Collected data
• • • •

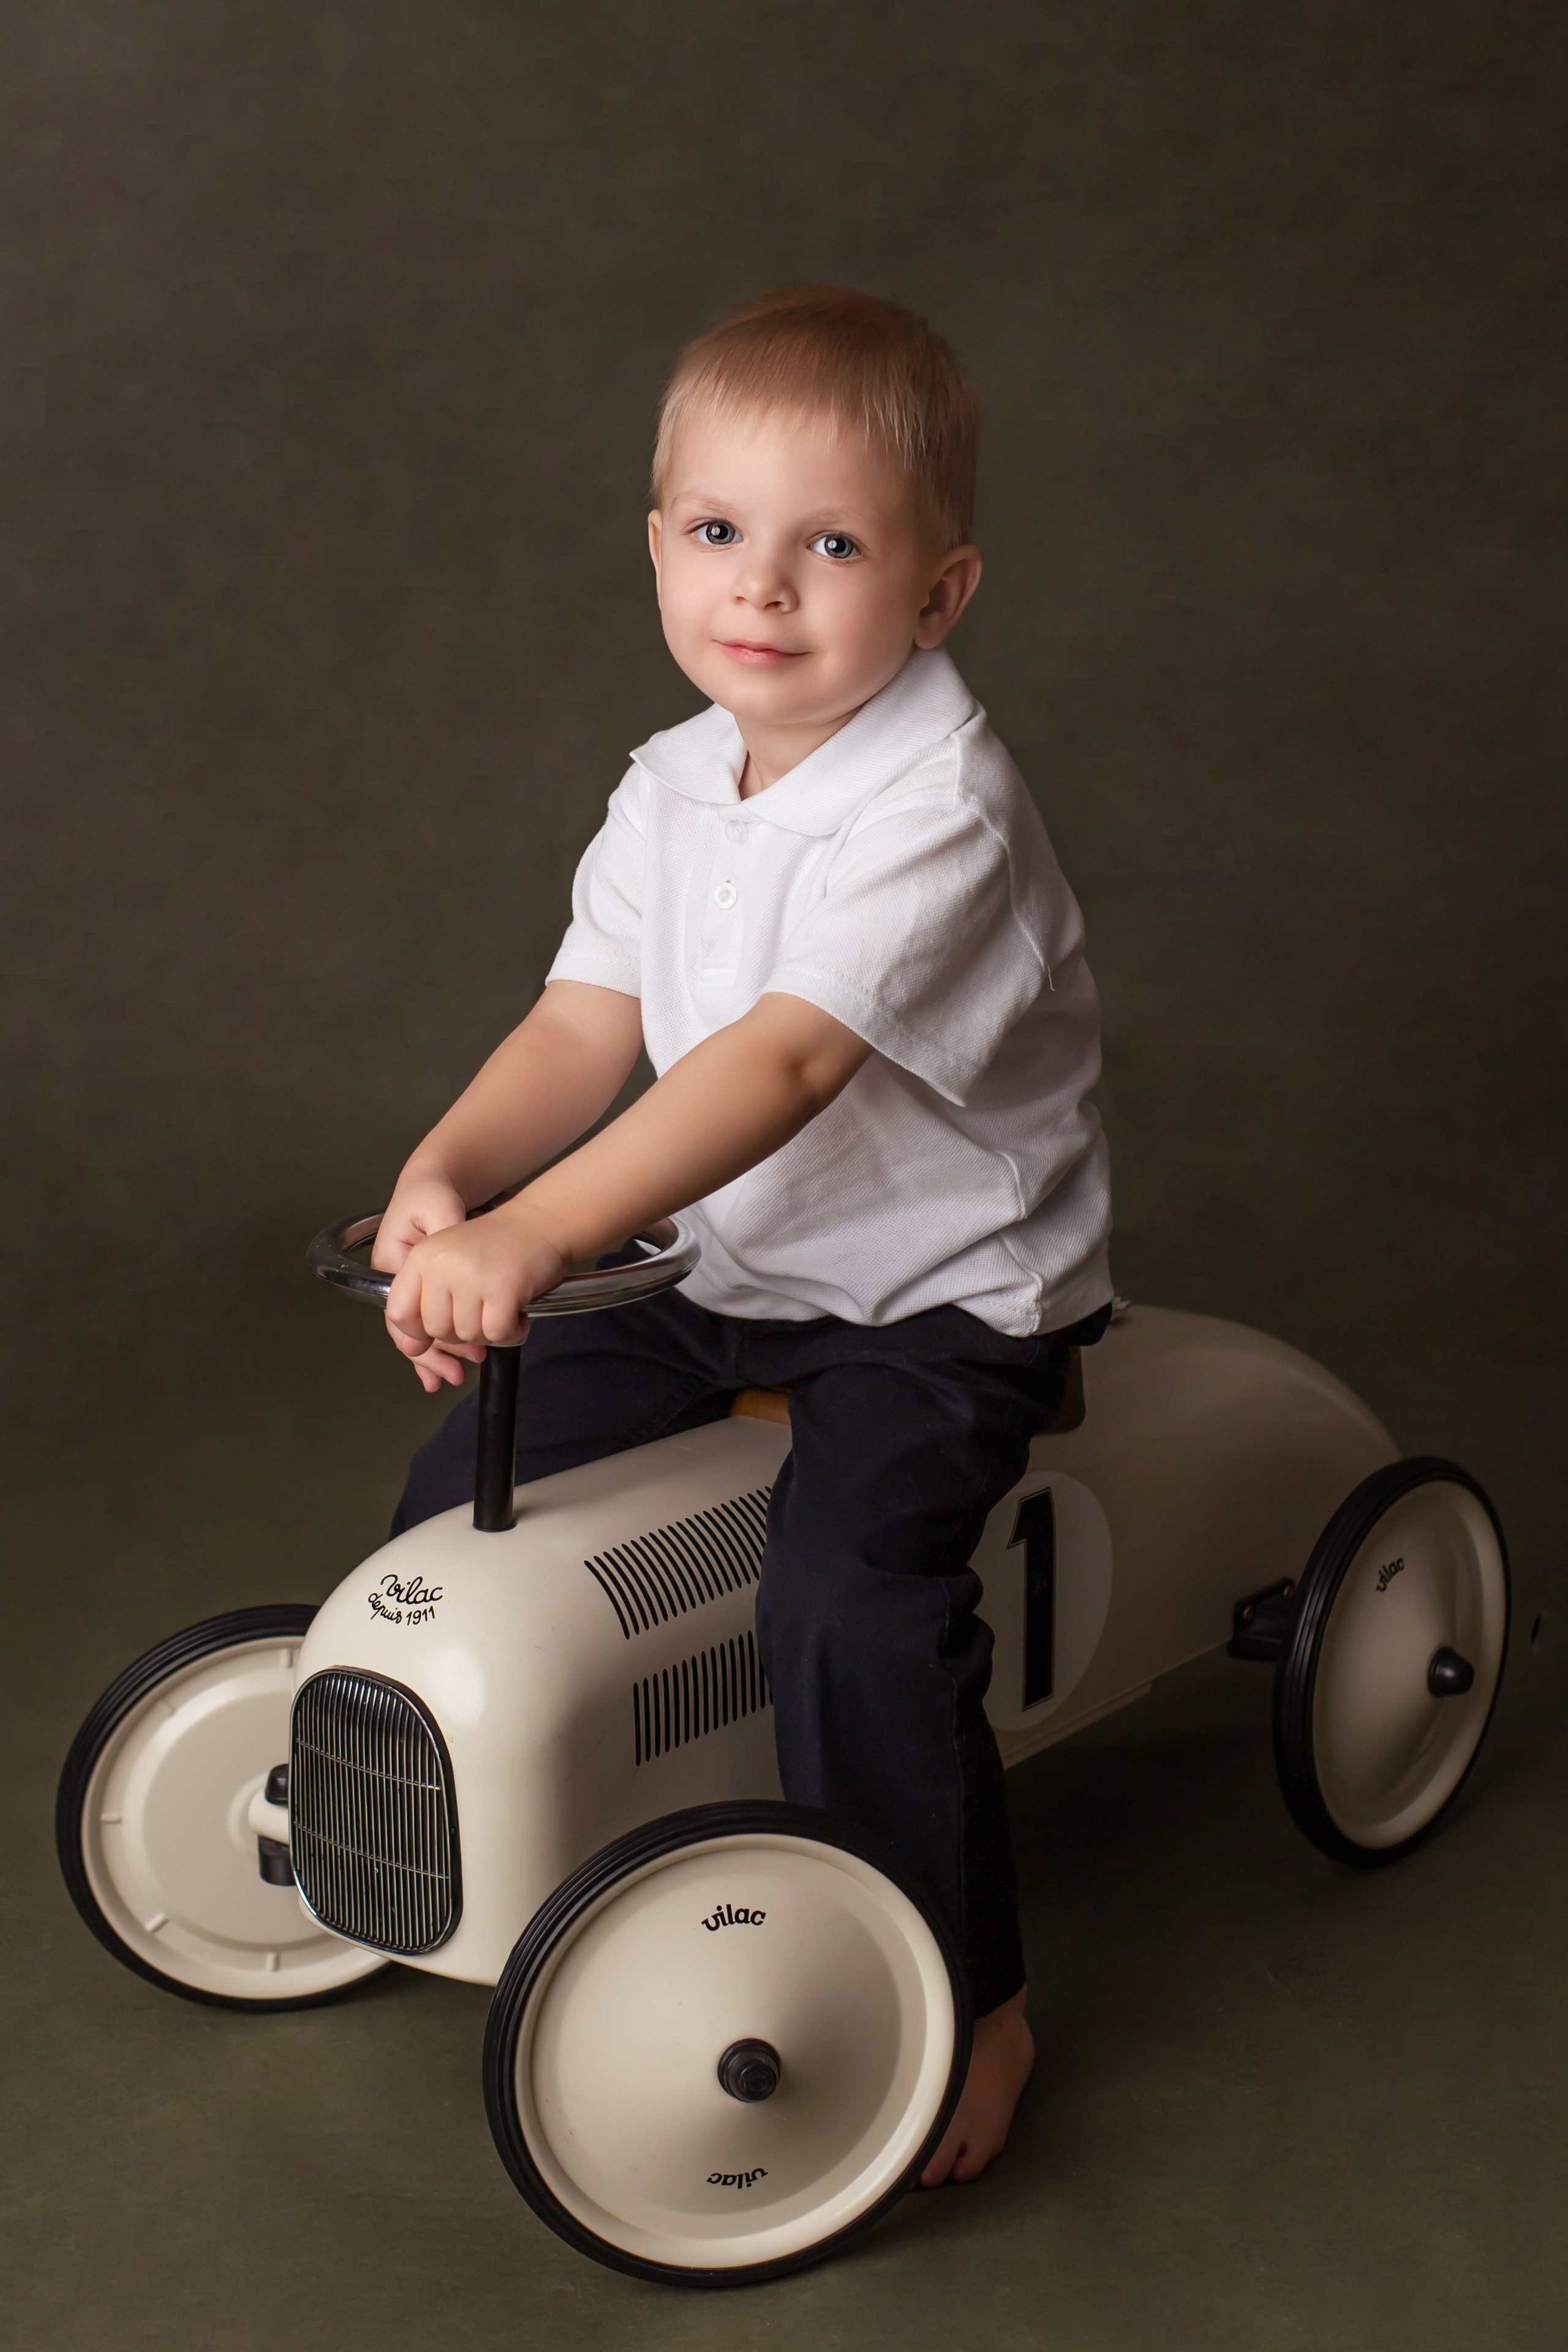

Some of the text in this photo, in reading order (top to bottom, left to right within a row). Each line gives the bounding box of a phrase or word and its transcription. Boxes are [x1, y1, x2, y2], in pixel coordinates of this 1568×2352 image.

[380, 1574, 443, 1605] Vilac
[1376, 1558, 1404, 1593] vilac
[368, 1593, 435, 1626] depuis 1911
[1006, 1487, 1056, 1712] 1
[701, 1904, 766, 1931] vilac
[706, 2168, 768, 2189] vilac

• • • •

EXERCISE INSTRUCTIONS -> Write out again every line above exactly as given; the pictures do not belong in the copy.

OUTPUT FOR THIS TASK ->
Some of the text in this photo, in reading order (top to bottom, left to right within a row). Each line gives the bounding box of a phrase or word and its transcription. Boxes are [x1, y1, x2, y2], in pixel coordinates of this 1568×2352 image.

[380, 1574, 443, 1605] Vilac
[1376, 1558, 1404, 1593] vilac
[368, 1593, 435, 1626] depuis 1911
[1006, 1487, 1056, 1712] 1
[701, 1904, 766, 1931] vilac
[706, 2168, 768, 2189] vilac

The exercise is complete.